Exercise aim >> The entries are to be reproduced word for word, with all images left out.

Stored data:
====================

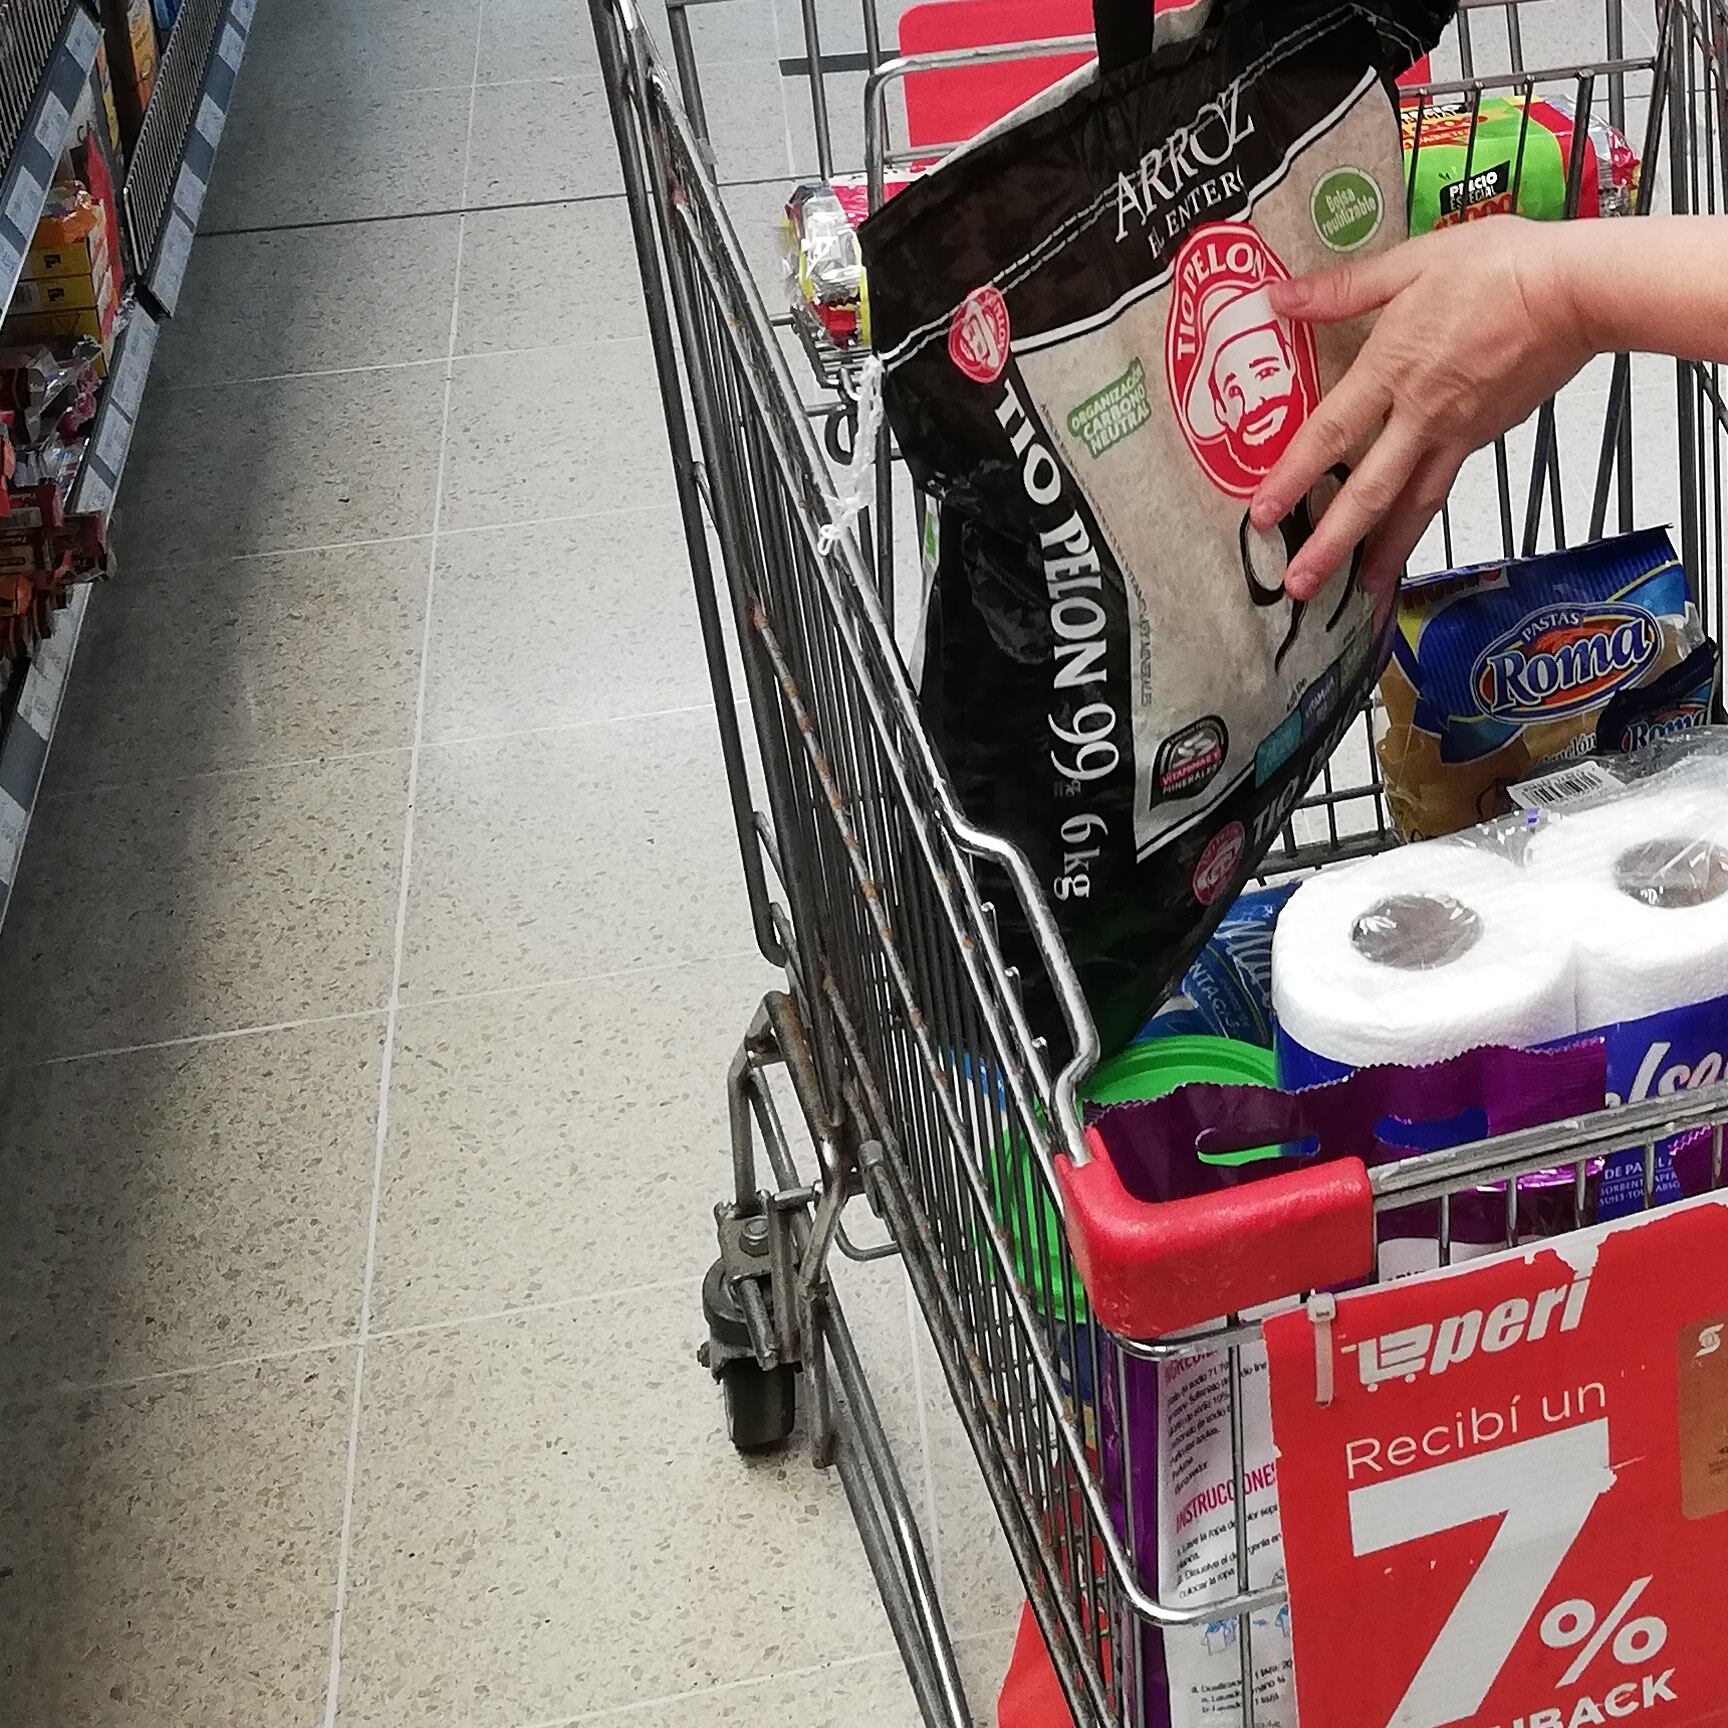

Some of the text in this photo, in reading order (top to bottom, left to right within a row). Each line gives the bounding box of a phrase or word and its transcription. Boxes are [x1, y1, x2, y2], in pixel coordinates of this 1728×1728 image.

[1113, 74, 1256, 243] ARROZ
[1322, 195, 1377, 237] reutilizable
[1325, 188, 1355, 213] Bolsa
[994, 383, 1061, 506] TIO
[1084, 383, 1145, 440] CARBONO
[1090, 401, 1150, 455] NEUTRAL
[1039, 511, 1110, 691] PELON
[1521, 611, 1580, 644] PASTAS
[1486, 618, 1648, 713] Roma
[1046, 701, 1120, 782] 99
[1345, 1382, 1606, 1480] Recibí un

====================

Output below >>
Some of the text in this photo, in reading order (top to bottom, left to right within a row). Each line gives the bounding box of a phrase or word and its transcription. Boxes are [x1, y1, x2, y2], in pixel coordinates of this 1728×1728 image.

[1113, 74, 1256, 243] ARROZ
[1322, 195, 1377, 237] reutilizable
[1325, 188, 1355, 213] Bolsa
[994, 383, 1061, 506] TIO
[1084, 383, 1145, 440] CARBONO
[1090, 401, 1150, 455] NEUTRAL
[1039, 511, 1110, 691] PELON
[1521, 611, 1580, 644] PASTAS
[1486, 618, 1648, 713] Roma
[1046, 701, 1120, 782] 99
[1345, 1382, 1606, 1480] Recibí un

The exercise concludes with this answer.